How Charm Industrial hopes to use crops to cut steel emissions

The iron and steel industry produces about 4 billion tons of carbon emissions each year, accounting for around 10% of all energy-related climate pollution, according to a 2020 report by the International Energy Agency. Those figures have risen sharply this century, driven by rapid economic growth in China and elsewhere.

The hefty emissions and increasingly strict climate policies in some areas, including Canada and the European Union, have started to compel some companies to explore cleaner ways of producing these essential building blocks of the modern world.

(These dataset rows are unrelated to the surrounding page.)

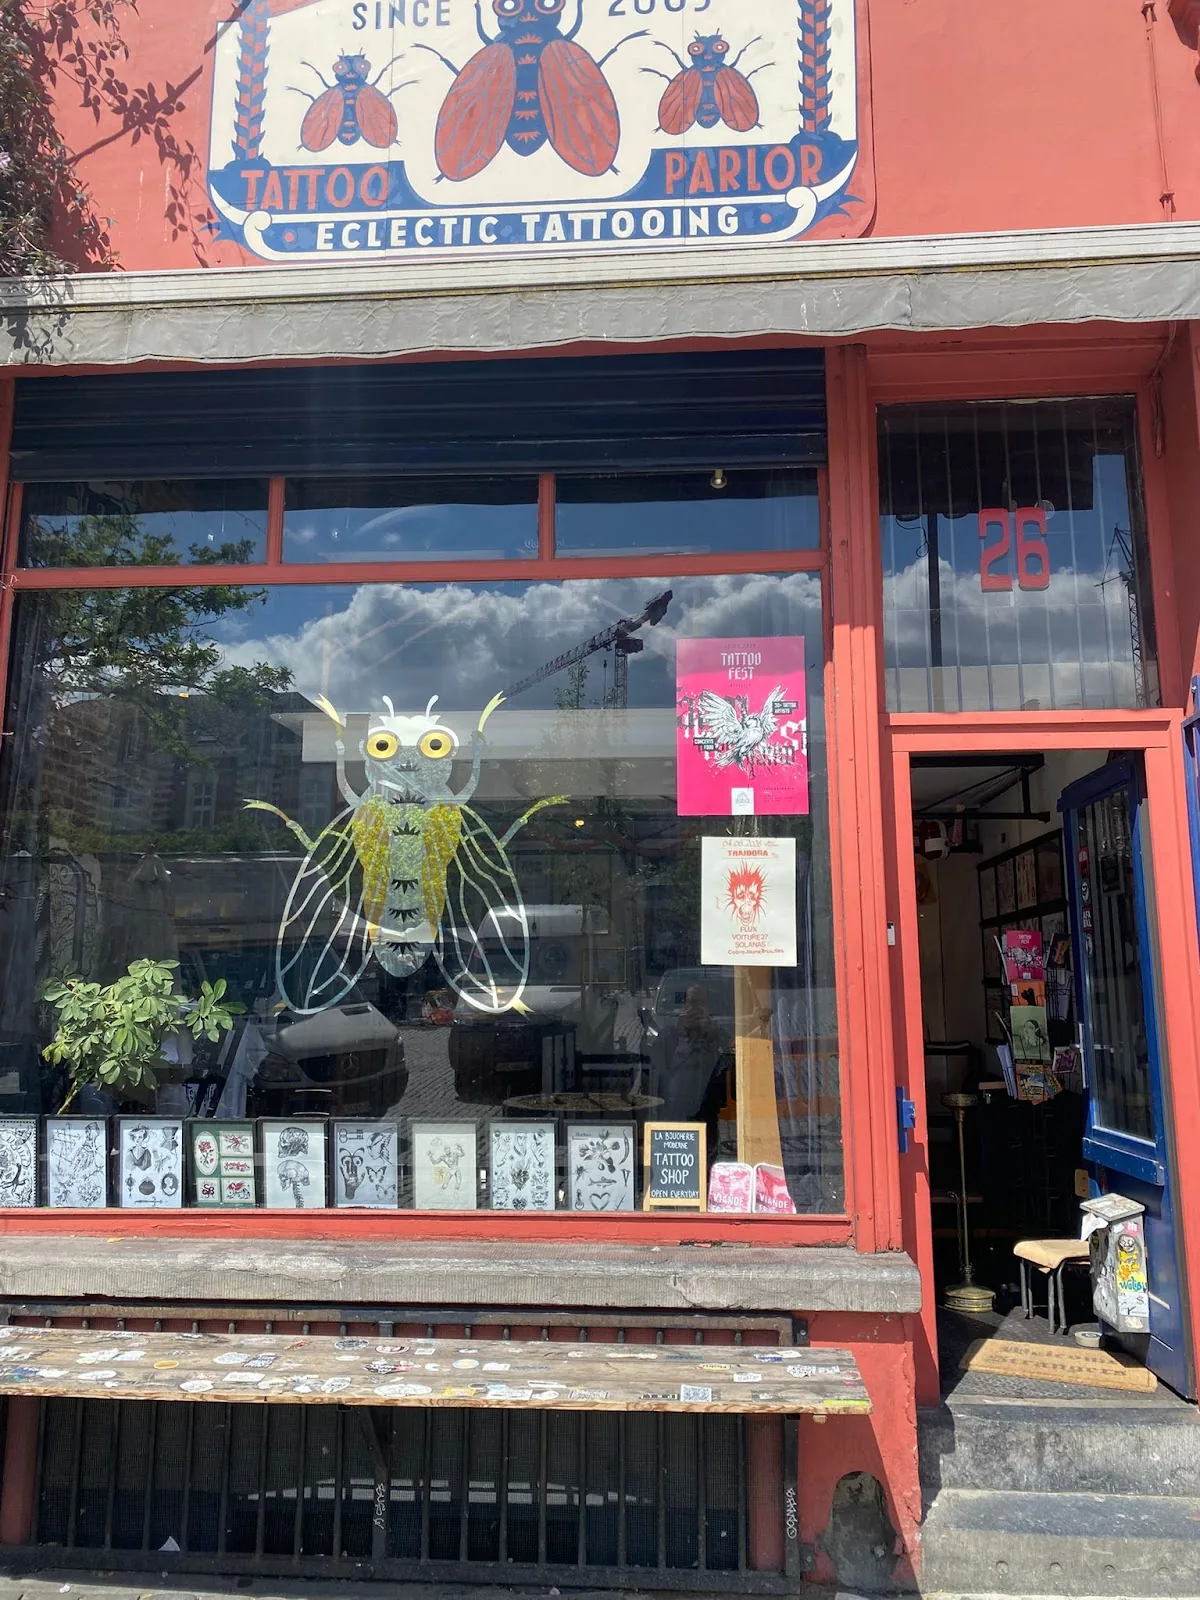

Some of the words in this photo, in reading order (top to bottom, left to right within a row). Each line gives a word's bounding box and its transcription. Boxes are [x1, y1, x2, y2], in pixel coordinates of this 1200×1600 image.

[352, 0, 450, 30] SINCE
[665, 145, 823, 194] PARLOR
[240, 165, 389, 210] TATTOO
[316, 216, 499, 250] ECLECTIC
[521, 205, 739, 242] TATTOOING
[978, 507, 1050, 592] 26
[720, 652, 761, 666] TATTOO
[728, 666, 755, 680] FEST
[654, 1132, 663, 1140] LA
[665, 1132, 695, 1141] BOUCHERIE
[663, 1141, 688, 1149] MODERNE
[654, 1153, 694, 1166] TATTOO
[660, 1169, 690, 1185] SHOP
[651, 1190, 668, 1198] OPEN
[670, 1190, 700, 1199] EVERYDAY
[713, 1192, 744, 1206] VIANDE
[759, 1193, 789, 1209] VIANDE

The Swedish joint venture Hybrit delivered the first commercial batch of green steel to Volvo last year. This partnership between the steel giant SSAB, the state-owned power company Vattenfall, and the mining company LKAB, used a manufacturing method that relied on carbon-free hydrogen in lieu of coal and coke. Other companies are exploring the use of facilities with equipment that captures carbon dioxide or, like Boston Metalimplementing entirely different electrochemical methods.

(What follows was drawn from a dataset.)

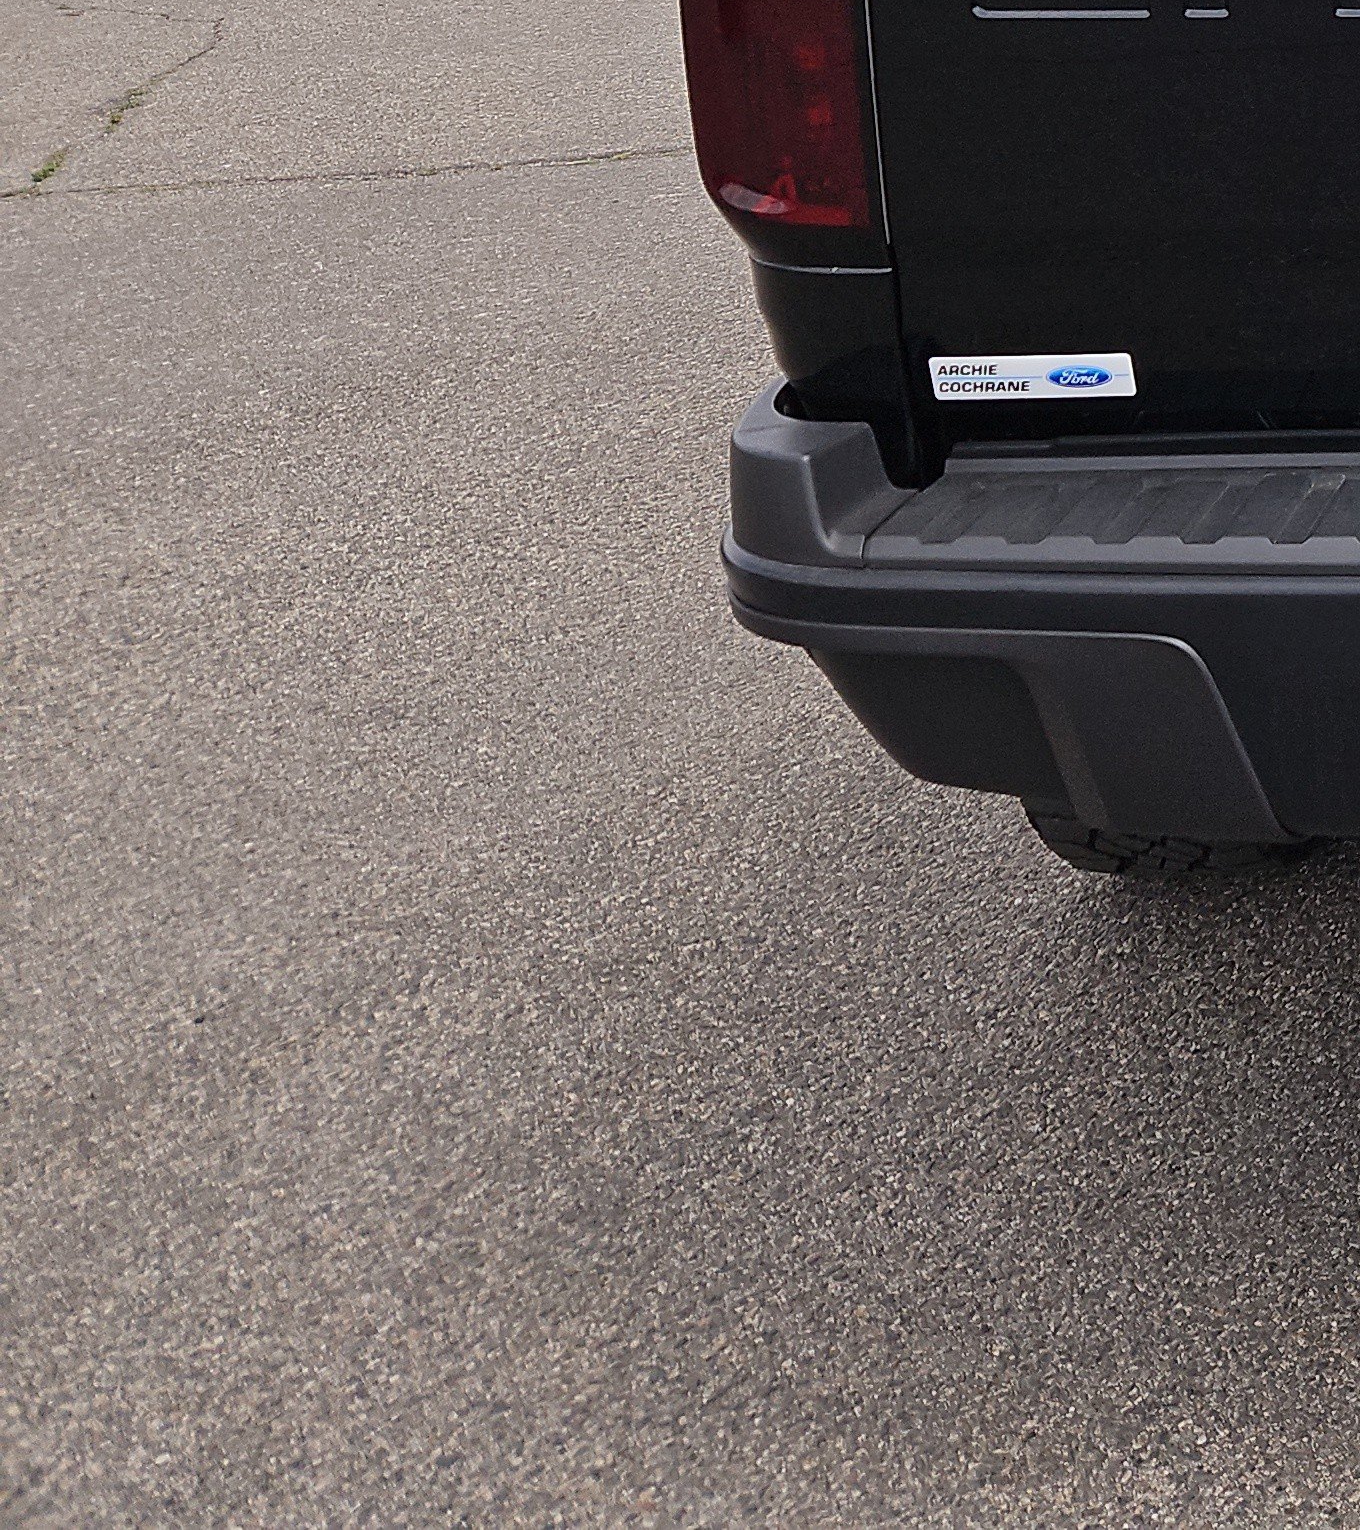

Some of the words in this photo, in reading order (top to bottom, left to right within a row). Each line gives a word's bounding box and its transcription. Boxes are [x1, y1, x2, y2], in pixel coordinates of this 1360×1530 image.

Charm is evaluating still another approach. In the back corner of the company’s warehouse, employees have been using a narrow metal contraption, known as a reformer, to react the company’s bio-oil with hot steam and oxygen. That produces what’s known as syngas, which is mostly a mix of carbon monoxide and hydrogen.

Bio-oil produced from crop remains.


That could potentially be swapped into one method of producing iron and steel.

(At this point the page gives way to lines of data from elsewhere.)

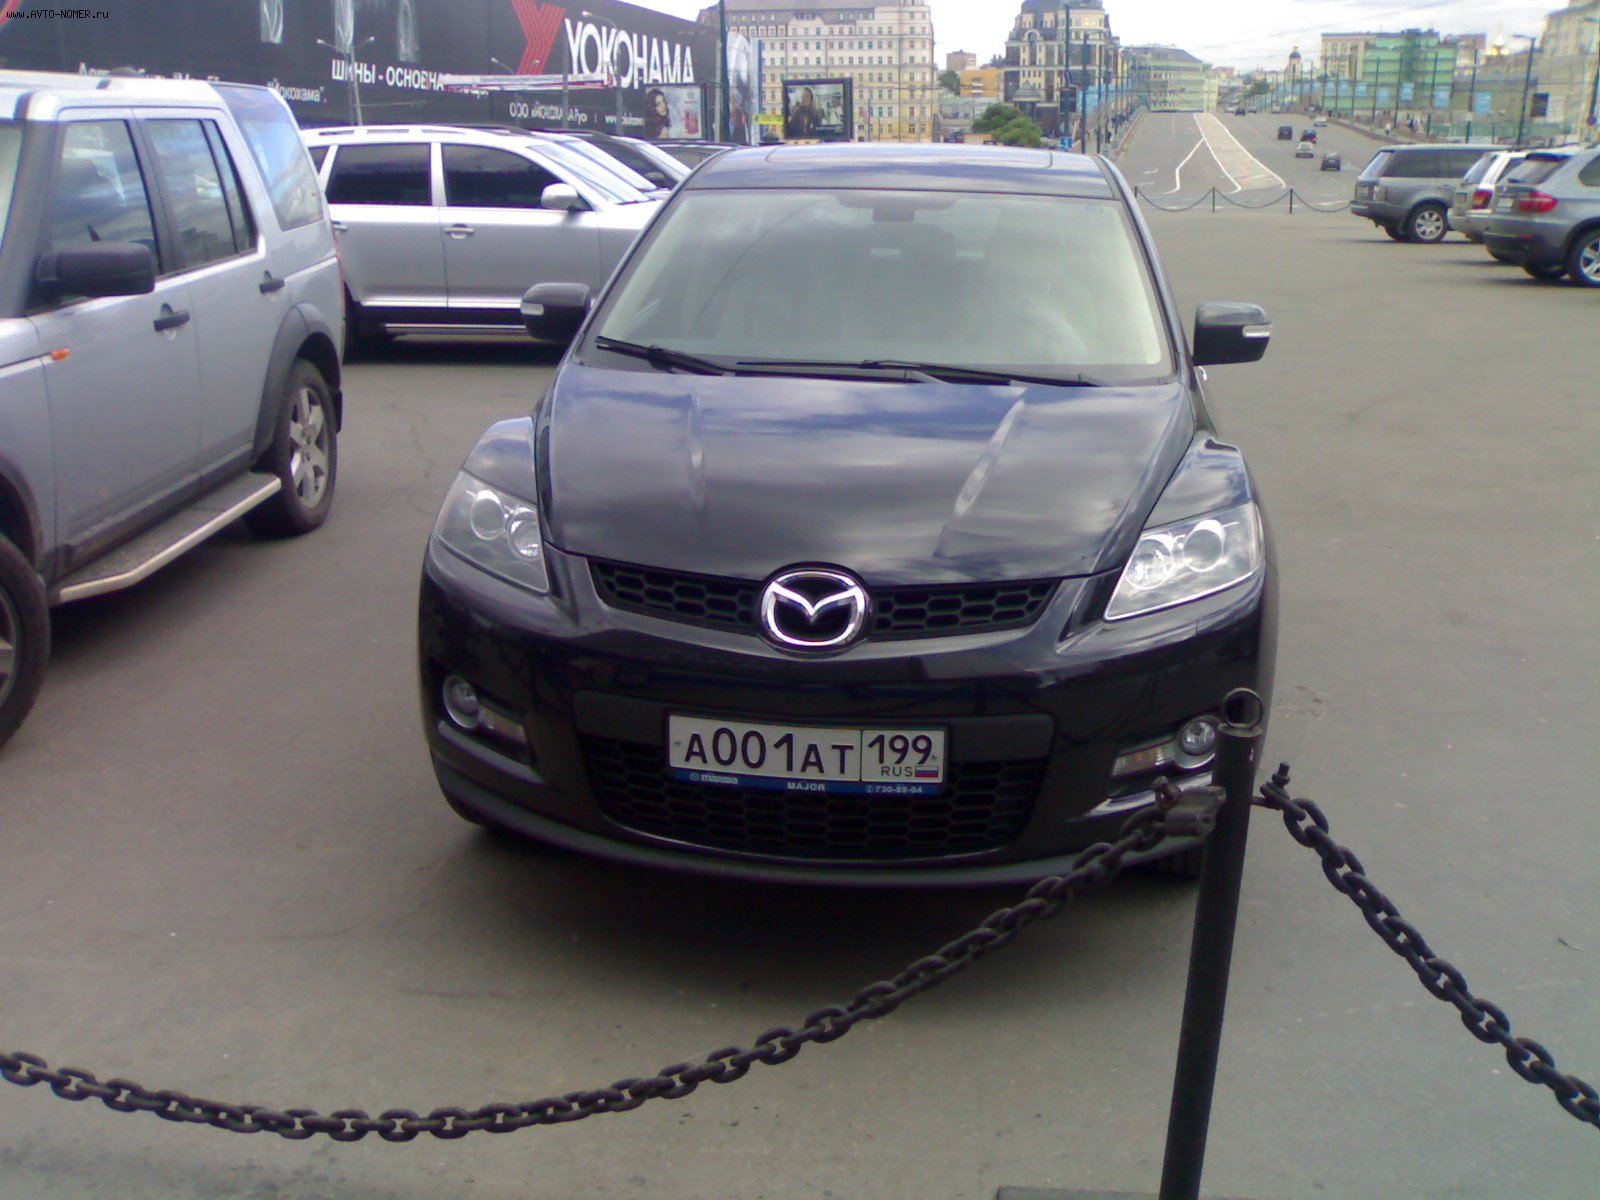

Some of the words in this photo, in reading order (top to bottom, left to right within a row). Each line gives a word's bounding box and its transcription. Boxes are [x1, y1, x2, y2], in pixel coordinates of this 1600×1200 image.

[564, 18, 694, 90] YOKOHAMA
[331, 59, 376, 84] ШИНЫ
[386, 66, 446, 91] ОСНОВНА
[684, 727, 854, 774] А001АТ
[867, 734, 932, 765] 199
[787, 781, 825, 792] MAJOR
[880, 766, 913, 777] RUS

The most common form of steel production starts with a blast furnace, which heats iron ore, limestone, and coke, a form of coal, to temperatures above 1,500 ˚C. The resulting carbon-laden metal, known as “pig iron,” then moves into a second furnace, where oxygen is blown into it, impurities are removed, and other materials are added to produce various grades of steel.

Emissions occur at every stage of this process, including the extraction and production of iron, coal, and coke; the combustion of fuels to run the furnaces; and the chemical reactions that occur within them.

But about 7% of non-recycled steel today is produced in a different type of furnace, using what’s known as a direct-reduction method. It usually relies on natural gas to strip oxygen atoms off the iron oxide ore in a shaft furnace. This produces what’s known as sponge iron, which basically just needs to be melted and mixed with other materials. That second step can be done in what’s known as an electric arc furnace, which can run on carbon-free power from solar, wind, geothermal, or nuclear plants.